Только в Рио я могу прийти в наше посольство, - сказал он себе. Риск сведен до минимума. Даже если вход в посольство охраняют - а его наверняка охраняют, - у меня теперь в кармане надежный паспорт, который дал Роумэн: 'Я обращаюсь к русским за визой'. Там я в безопасности, там я спасен, и случится это через шестнадцать часов, если аэроплан не попадет в грозу и молния не ударит по крылу, не откажут два мотора и не случится самозагорания проводки, сокрытой - для максимального комфорта - под мягкой кожей обивки фюзеляжа.
Кстати, - подумал Штирлиц, - я однажды вспоминал уже наш разговор с папой о культуре; это было на той страшной конспиративной квартире Мюллера, когда его доктор делал мне уколы, чтобы парализовать волю... Я то и дело цепляюсь, словно за спасательный круг, за папу. И тогда папа спас меня, не дал сломаться; он постоянно во мне; воистину, веков связующая нить. Лицо его у меня перед глазами, я слышу его голос, а ведь последний раз мы виделись двадцать пять лет назад в нашей маленькой квартирке в Москве, когда я обидел его, - никогда себе не прощу этого. Видимо, ощущение вины и дает человеку силу быть человеком; тяга к искуплению импульс деятельности, только в работе забываешь боль.
А каково будет Роумэну, если я выйду из самолета, чувствуя, что сил продолжать борьбу нет? Каково будет ему остаться одному? Я ведь пообещал ему не уходить, обговорил формы связи, породил в нем надежду на то, что буду рядом. Я готов к тому, чтобы стать лгуном? Изменить данному слову?>
Штирлиц вернулся на свое место; стюард попросил его пристегнуть ремни.
- Через тридцать минут мы сядем в Лиссабоне, сеньор. Еще виски?
- А почему бы и нет? Вы давно летаете на этом рейсе?
- Третий месяц, сеньор. Я был среди тех, кто открывал линию.
- Полет утомителен?
- В определенной мере.
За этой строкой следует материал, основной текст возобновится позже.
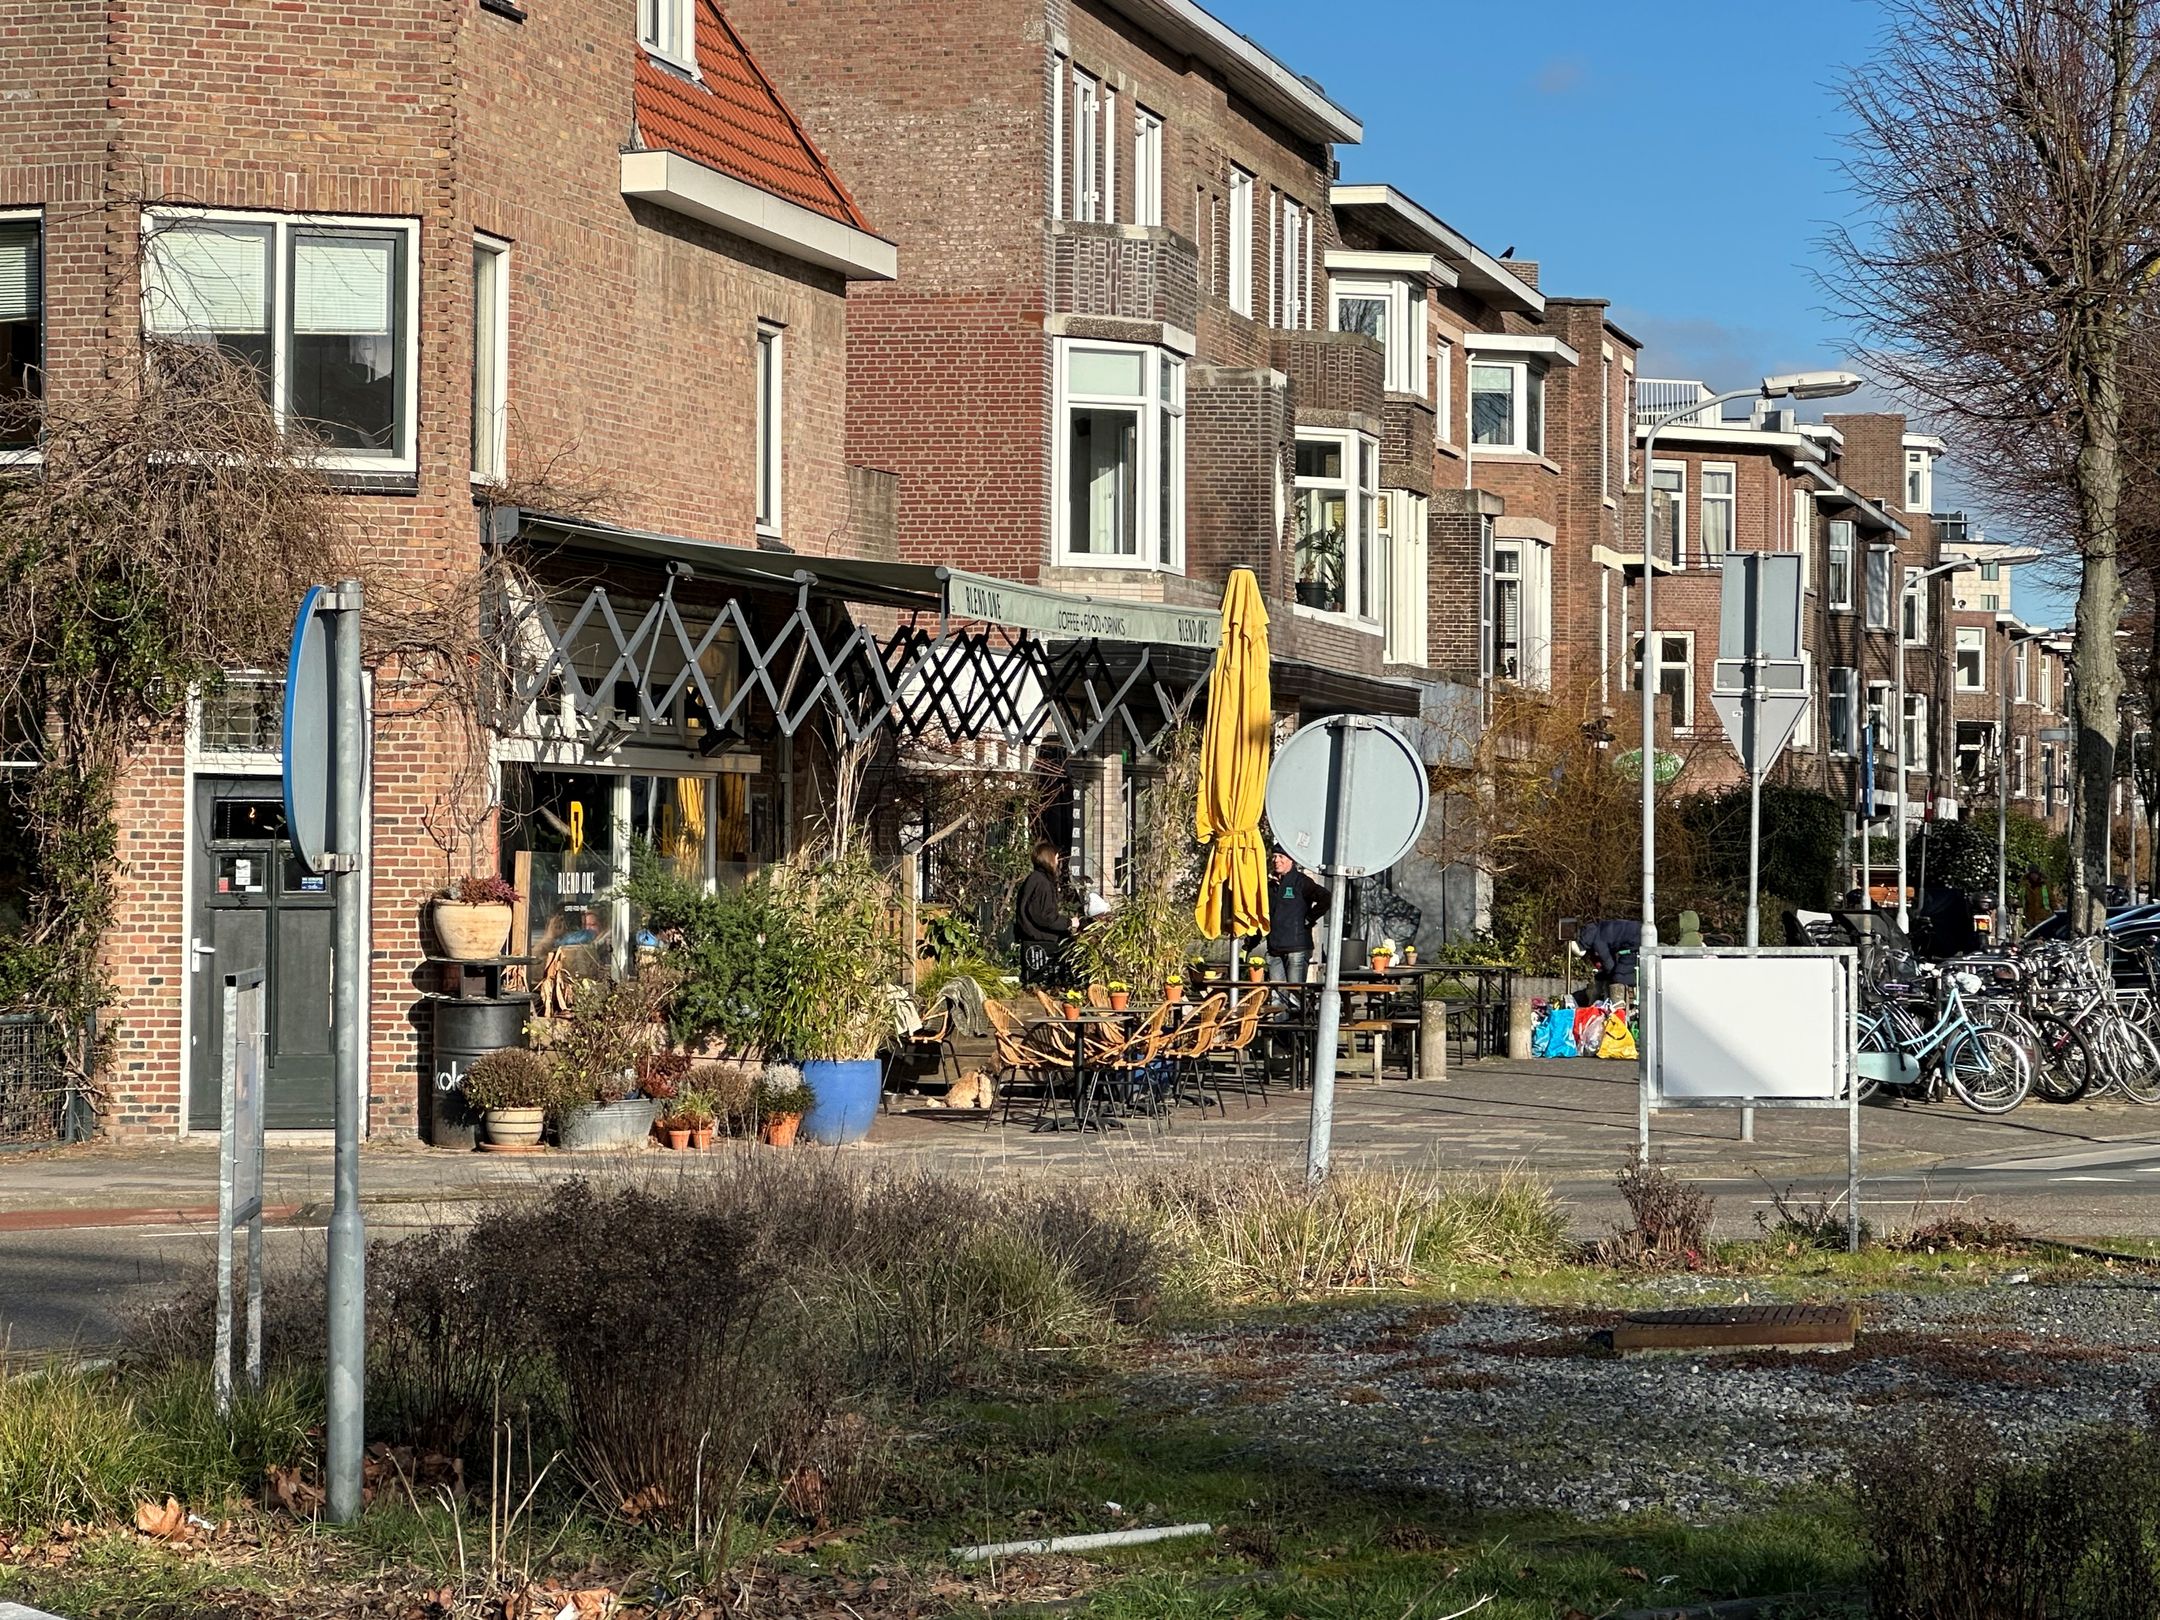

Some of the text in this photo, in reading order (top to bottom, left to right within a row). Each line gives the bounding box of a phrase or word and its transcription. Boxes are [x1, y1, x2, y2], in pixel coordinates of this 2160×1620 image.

[965, 586, 1002, 620] BLEND ONE
[1058, 610, 1126, 636] COFFEE FOOD DRINKS
[1178, 618, 1197, 643] BLEND
[557, 871, 595, 895] BLEND ONE
Но зато абсолютно надежен. Не зря ведь ученые считают, что на земле и в океане куда больше возможностей попасть в катастрофу. Вы, кстати, застраховались перед вылетом?
- Нет. А надо было?
Стюард пожал плечами:
- Я-то застраховался на пятьсот тысяч, пятую часть оплатила фирма; у меня жена ждет ребенка...
- Боитесь перелета?
- Ну что вы, сеньор, - ответил стюард, - такая надежная машина, гарантия безопасности абсолютна...
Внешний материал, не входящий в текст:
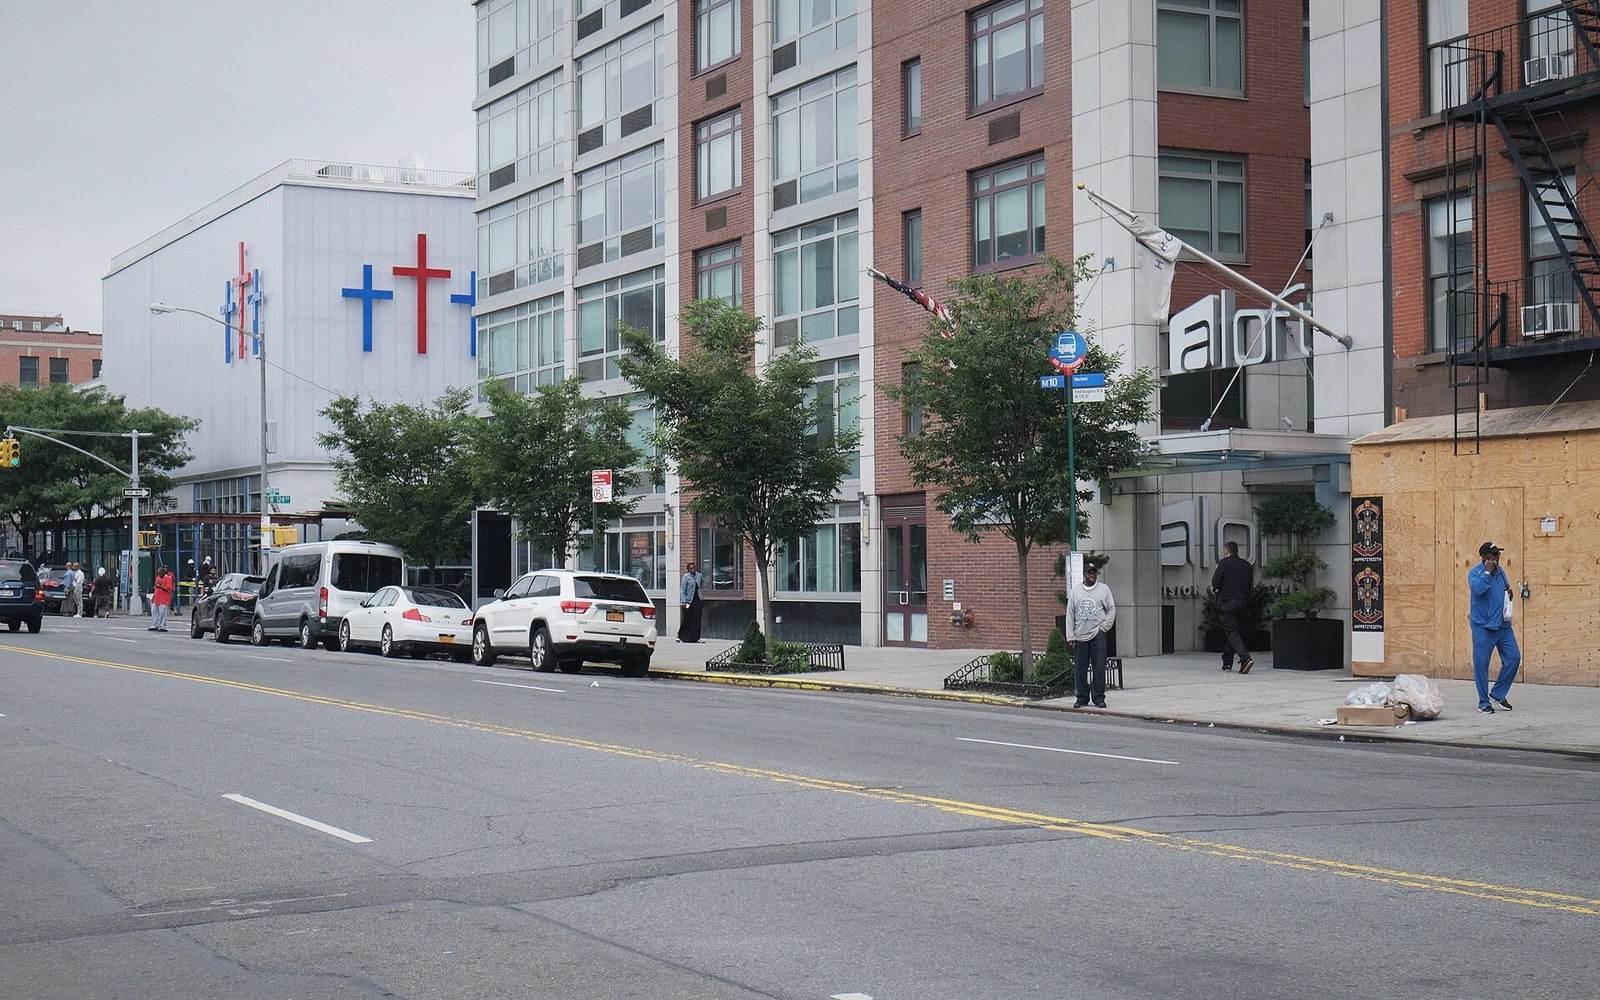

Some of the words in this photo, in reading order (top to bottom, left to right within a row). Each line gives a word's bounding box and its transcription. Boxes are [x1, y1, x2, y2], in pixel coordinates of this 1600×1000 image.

По тому, как парень ответил ему, Штирлиц понял, что тот боится. <Да и сам ты побаиваешься, - сказал он себе, - нет людей без страха; есть бесстрашные люди, но это те, кто умеет переступать страх, знакомый им, как и всем другим; очень скверное чувство, особенно если боишься не только за себя, но и за тех, кого любишь, а еще за то, что у тебя в голове, что необходимо сохранить для пользы дела, рассказав об этом, известном одному лишь тебе, всем, кого это касается. А ведь то, что знаешь т ы, касается всех, потому что никто не знает нацизма, как ты, никто из выживших. Не было людей, переживших инквизицию, ибо она не рухнула, подобно нацизму, но медленно и ползуче сошла на нет, обретя иные формы в мире. Остались иносказания и намеки. Летописи инквизиции, оставленной жертвами и свидетелями, не существует; значит, всегда будет возможное двоетолкование фактов. Я в этом смысле у н и к у м: человек враждебной нацизму идеологии двенадцать лет - всю его государственную историю - проработал в его святая святых - в политической разведке. Кто скажет миру п р а в д у, как не я? Но почему, - в который уже раз, прерывая самого себя, Штирлиц задал себе вопрос, который постоянно мучил его, - почему Мюллер позволил мне узнать больше того, что я имел право знать? Почему его люди называли в соседней комнате имена своих агентов - такие имена, от которых волосы становятся дыбом?! До тех пор, - сказал он себе, - пока ты не найдешь этих людей, имена которых знаешь, а еще лучше Мюллера, - он жив, он готовился к тому, чтобы уйти, - ты ничего не поймешь, сколько бы ни бился. Хватит об этом, смотри в иллюминатор. Снова кто-то швырнул на землю сине-бело-желтую гроздь звезд - Лиссабон, столица Салазара, друга фюрера; сколько же у него осталось в мире друзей, а?!>
Пассажир, который вошел в самолет в Лиссабоне, показался Штирлицу знакомым. <Я встречал этого человека. Но он знает меня лучше, чем я его. Это точно. Цинковоглазый? Нет. Другое. Вспомни его, - прикрикнул он на себя и, усмехнувшись, подумал невольно: - Мы, верно, единственная нация, которая и думает-то проворно только в экстремальной ситуации. Американец вечно торопится, он весь в деле; британец величав и постоянно озабочен тем, чтобы сохранить видимость величия; француз рад жизни и поэтому отводит от себя неугодные мысли, а более всего ему не хочется терять что-либо, не любит проигрыша, прав Мопассан; мы же в и т а е м, нам угодно парение. Мысль как выявление сиюминутного резона не в нашем характере, пока гром не грянет, не перекрестимся>.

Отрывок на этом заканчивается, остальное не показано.